■ **Data for analysis**
^^^^
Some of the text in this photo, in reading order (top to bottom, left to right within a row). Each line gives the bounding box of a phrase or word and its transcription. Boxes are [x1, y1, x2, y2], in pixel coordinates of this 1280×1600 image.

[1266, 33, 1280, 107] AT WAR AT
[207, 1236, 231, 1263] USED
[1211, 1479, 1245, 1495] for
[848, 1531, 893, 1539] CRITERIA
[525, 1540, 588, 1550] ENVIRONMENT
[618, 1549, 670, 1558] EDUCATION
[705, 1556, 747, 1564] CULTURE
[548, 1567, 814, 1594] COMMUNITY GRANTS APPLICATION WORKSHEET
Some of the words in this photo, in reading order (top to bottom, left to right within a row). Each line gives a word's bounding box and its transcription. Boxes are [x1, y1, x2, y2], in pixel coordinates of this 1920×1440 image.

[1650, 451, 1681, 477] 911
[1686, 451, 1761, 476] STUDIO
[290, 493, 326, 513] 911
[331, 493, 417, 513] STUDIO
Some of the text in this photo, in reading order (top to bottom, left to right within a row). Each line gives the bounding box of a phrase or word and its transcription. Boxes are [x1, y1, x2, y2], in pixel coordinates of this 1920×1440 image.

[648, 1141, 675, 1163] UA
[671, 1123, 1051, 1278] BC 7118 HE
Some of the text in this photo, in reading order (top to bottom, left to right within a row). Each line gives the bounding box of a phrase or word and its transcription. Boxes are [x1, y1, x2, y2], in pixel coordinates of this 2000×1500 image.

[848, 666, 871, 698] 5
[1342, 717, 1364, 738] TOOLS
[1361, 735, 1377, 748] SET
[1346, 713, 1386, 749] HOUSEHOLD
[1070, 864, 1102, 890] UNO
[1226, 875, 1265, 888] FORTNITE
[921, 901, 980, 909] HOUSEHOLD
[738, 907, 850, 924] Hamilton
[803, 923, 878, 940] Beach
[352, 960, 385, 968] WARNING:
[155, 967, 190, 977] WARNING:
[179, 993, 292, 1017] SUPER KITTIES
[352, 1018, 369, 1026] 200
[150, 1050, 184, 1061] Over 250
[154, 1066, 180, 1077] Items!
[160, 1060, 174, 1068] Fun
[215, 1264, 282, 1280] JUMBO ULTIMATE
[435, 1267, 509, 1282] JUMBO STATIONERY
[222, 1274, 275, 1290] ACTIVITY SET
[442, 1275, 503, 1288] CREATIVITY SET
^^^^
■ **Activity**
Line by line, transcribe the material above exactly.

■ **Response**
Some of the text in this photo, in reading order (top to bottom, left to right within a row). Each line gives the bounding box of a phrase or word and its transcription. Boxes are [x1, y1, x2, y2], in pixel coordinates of this 1280×1600 image.

[1266, 33, 1280, 107] AT WAR AT
[207, 1236, 231, 1263] USED
[1211, 1479, 1245, 1495] for
[848, 1531, 893, 1539] CRITERIA
[525, 1540, 588, 1550] ENVIRONMENT
[618, 1549, 670, 1558] EDUCATION
[705, 1556, 747, 1564] CULTURE
[548, 1567, 814, 1594] COMMUNITY GRANTS APPLICATION WORKSHEET
Some of the words in this photo, in reading order (top to bottom, left to right within a row). Each line gives a word's bounding box and its transcription. Boxes are [x1, y1, x2, y2], in pixel coordinates of this 1920×1440 image.

[1650, 451, 1681, 477] 911
[1686, 451, 1761, 476] STUDIO
[290, 493, 326, 513] 911
[331, 493, 417, 513] STUDIO
Some of the text in this photo, in reading order (top to bottom, left to right within a row). Each line gives the bounding box of a phrase or word and its transcription. Boxes are [x1, y1, x2, y2], in pixel coordinates of this 1920×1440 image.

[648, 1141, 675, 1163] UA
[671, 1123, 1051, 1278] BC 7118 HE
Some of the text in this photo, in reading order (top to bottom, left to right within a row). Each line gives the bounding box of a phrase or word and its transcription. Boxes are [x1, y1, x2, y2], in pixel coordinates of this 2000×1500 image.

[848, 666, 871, 698] 5
[1342, 717, 1364, 738] TOOLS
[1361, 735, 1377, 748] SET
[1346, 713, 1386, 749] HOUSEHOLD
[1070, 864, 1102, 890] UNO
[1226, 875, 1265, 888] FORTNITE
[921, 901, 980, 909] HOUSEHOLD
[738, 907, 850, 924] Hamilton
[803, 923, 878, 940] Beach
[352, 960, 385, 968] WARNING:
[155, 967, 190, 977] WARNING:
[179, 993, 292, 1017] SUPER KITTIES
[352, 1018, 369, 1026] 200
[150, 1050, 184, 1061] Over 250
[154, 1066, 180, 1077] Items!
[160, 1060, 174, 1068] Fun
[215, 1264, 282, 1280] JUMBO ULTIMATE
[435, 1267, 509, 1282] JUMBO STATIONERY
[222, 1274, 275, 1290] ACTIVITY SET
[442, 1275, 503, 1288] CREATIVITY SET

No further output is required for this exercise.